Happy Turkey Day, everyone!
As everyone’s crunching for grant deadlines going into the winter (or summer!) break, it’s been a quiet month of guest posts. This means I can write more posts on data engineering and GPT-4 experiments!
We have one phage post from Libby, who visited our Phage Australia lab from the UK, and spent a week exchanging phage manufacturing notes with Jess.
The other two posts are both by me: the first one is the launch of a shared, publicly-editable, work-in-progress Google Sheets of phage resources; the second is a post on all my AI and GPT-4-assisted experiments to extract and work with data.
If you’re using GPT-4 for any kind of lab or data work, I highly recommend you read through this one — it’s full of examples of what GPT-4 does well and poorly!
by Libby Duignan
We were lucky enough to have University of Liverpool postdoc Libby Duignan visit us here at Phage Australia recently, ostensibly to ‘learn from us’ — really, we learned from her!
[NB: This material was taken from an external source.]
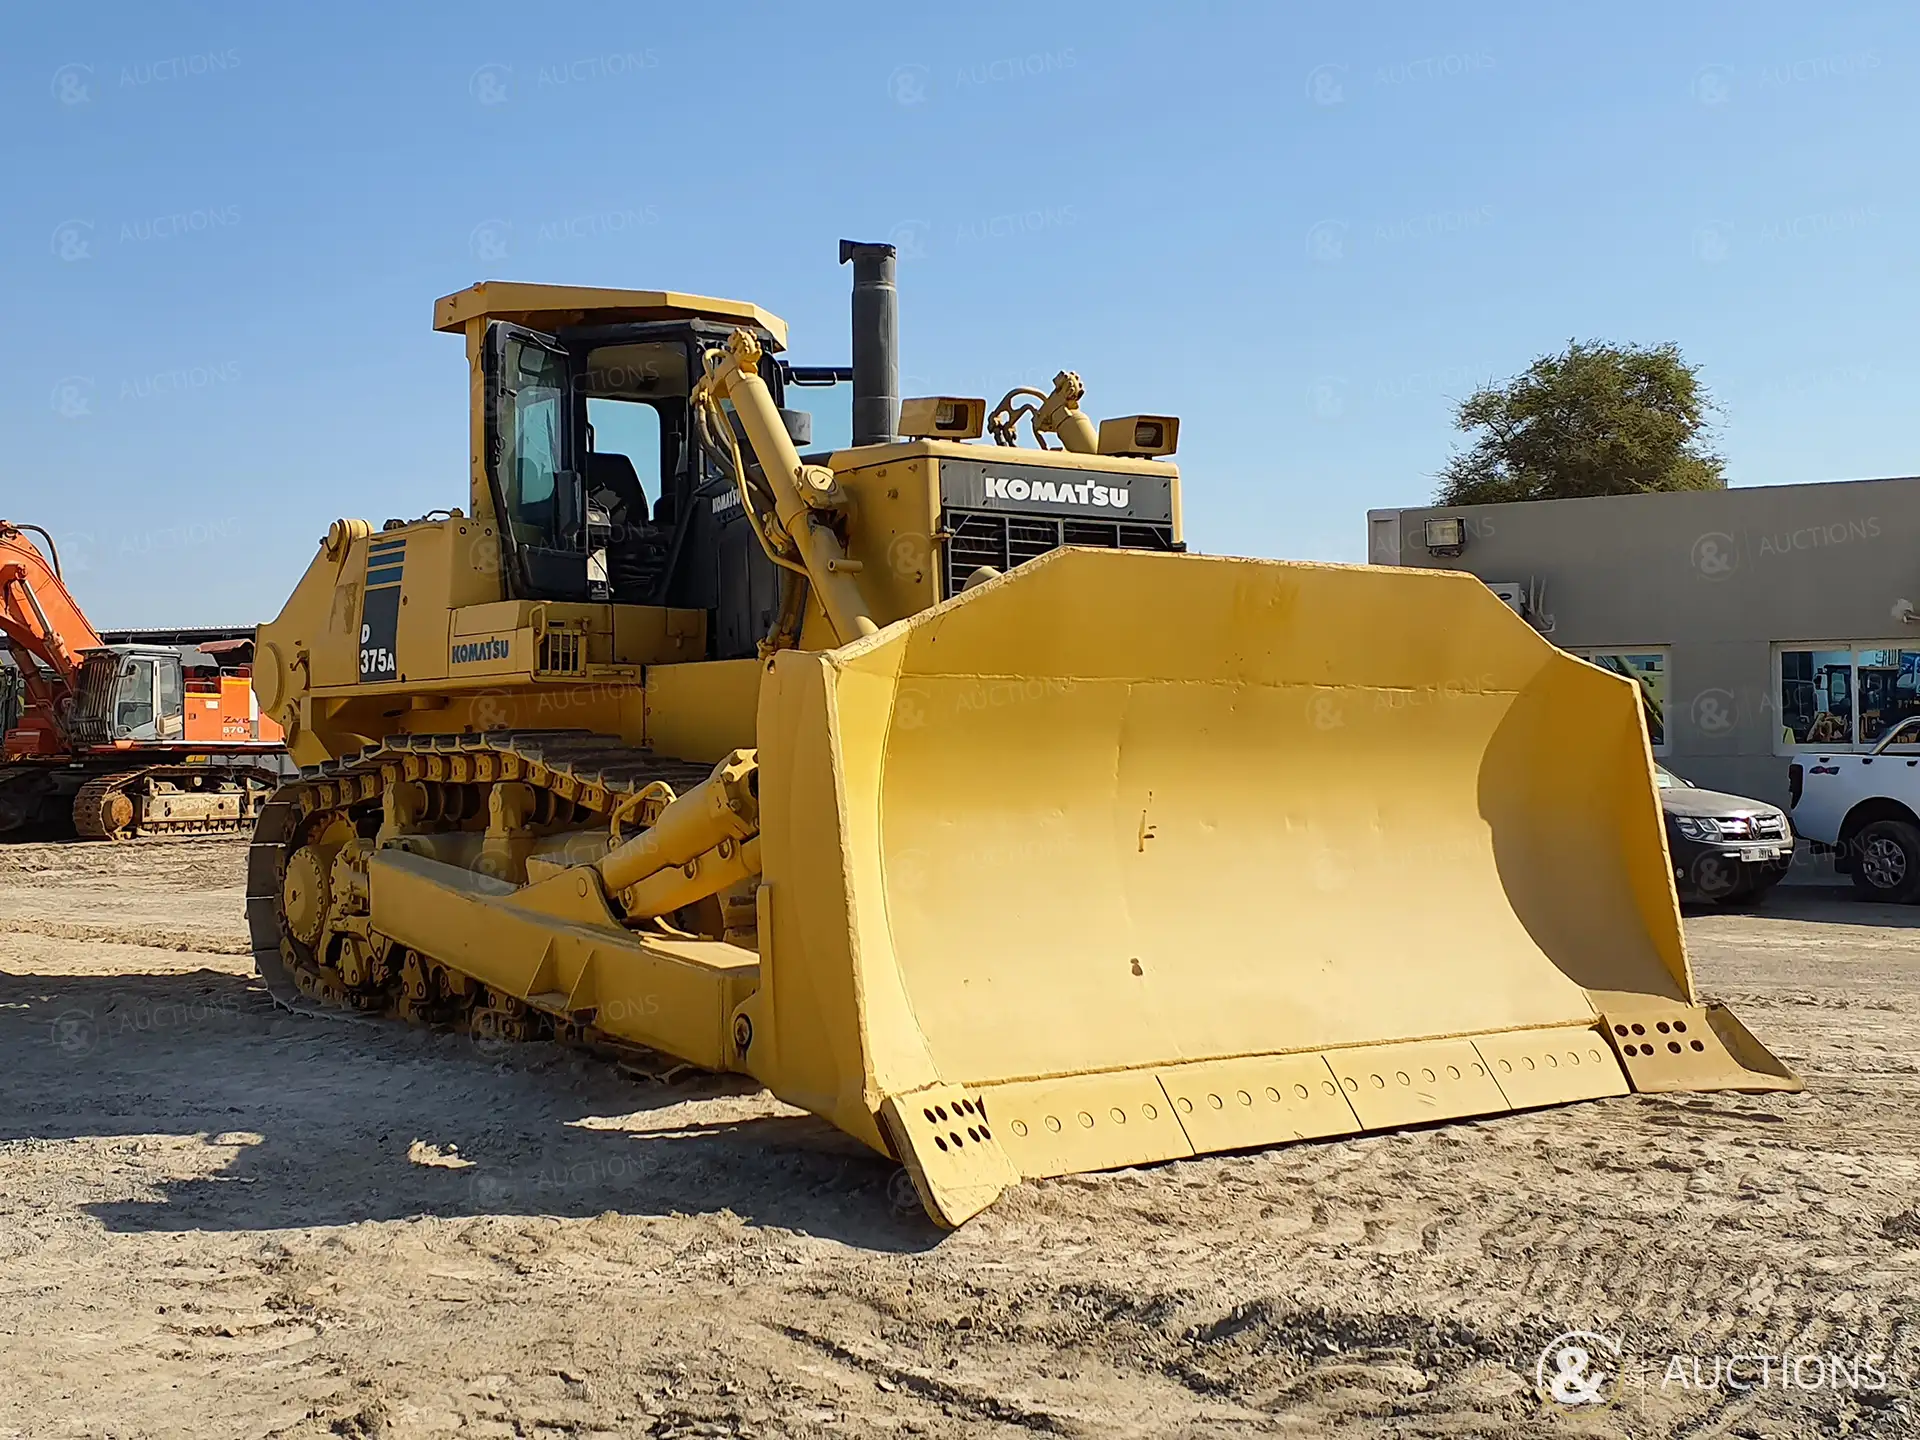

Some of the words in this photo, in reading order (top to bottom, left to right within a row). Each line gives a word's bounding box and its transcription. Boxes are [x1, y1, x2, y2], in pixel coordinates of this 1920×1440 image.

[985, 477, 1129, 508] KOMATSU
[361, 623, 371, 644] D
[360, 648, 396, 674] 375A
[452, 636, 509, 664] KOMATSU
She flew over from the UK and she and Jess spent days in the lab talking phage production and purification, sharing notes and lab hacks, and ripping Jess’ protocols to shreds. It was extremely productive, and we now highly recommend everyone orchestrating their own week-with-a-phage-buddy to help evaluate whether their methods are really as bulletproof and reproducible as they hope. Libby then sadly left us to return to her homeland, but at least she wrote up a nice blog piece on her visit! Super excited to watch what she does next (she will be joining a company in the UK to bring phage manufacturing to life over there!).
by Jan Zheng
For this article, I got to launch an initiative I’d always wanted in the phage world — a completely open, publicly editable spreadsheet of all kinds of phage resources. This could be grants, clinical trials, and bioinformatics tools, all sourced and collected into a single place for everyone to find. The difference between this and Phage Directory is that Phage Directory’s more curated, whereas this is 100% community sourced. So far I’ve filled in some 400+ bioinformatics tools (with the help of AI), and I’ve yet to clean them all up. I’m also going to incrementally fill the other tabs over the next several weeks as I find time.
by Jan Zheng
This article is filled with examples of using ChatGPT for real data engineering and data extraction work. This could be things like extracting text from screenshots or photos using GPT-Vision, processing CSVs, graphs, and tables using GPT-4, trying to read handwriting or QR codes, counting plaques, running FASTA files with GPT-4 Data Analysis, and a ton more. I write about what worked, didn’t work, and what surprised me. The main takeaway is that GPT-4 is very powerful and great for 60% of the work, but lacks a lot of necessary tools to do the rest. In the future we’ll cover “custom actions” and how you can connect GPT-4 to custom tools, code, and servers to go the rest of the way. Exciting times!
C&T Throwback!
Happy (American) Thanksgiving!
I just thought this post was really funny and cute. Our 6th issue of C&T back in 2018 was just a post about how thankful we were for the community. And I think for most years after that, we took American Thanksgiving off every year as a holiday.
It’s different when you’re doing a thing that everyone looks forward to reading, and taking a “holiday” from it (as opposed to an office job where you look forward to no work). Planning, writing, and launching Capsid is A LOT of effort every week (~5+ hours between me and Jess; used to be in the 10-20 hours when we were newbies, and didn’t have automation tools in place), and while we looked forward to taking a break, we also knew we’d let down our readers by not publishing.
Jess and I are super thankful for the phage community — for all of you who share news about your lab, post jobs with us, for sending us thoughtful feedback, for writing amazing Capsid articles about your labs and your research.
It’s been so rewarding writing and publishing Capsid every week, I can’t believe we’ve been doing this for 250 issues, over five years. If this was a child it would be able to walk and talk and go to kindergarten!
Thanks so much to all you dear readers! You’re the ones that keep us going!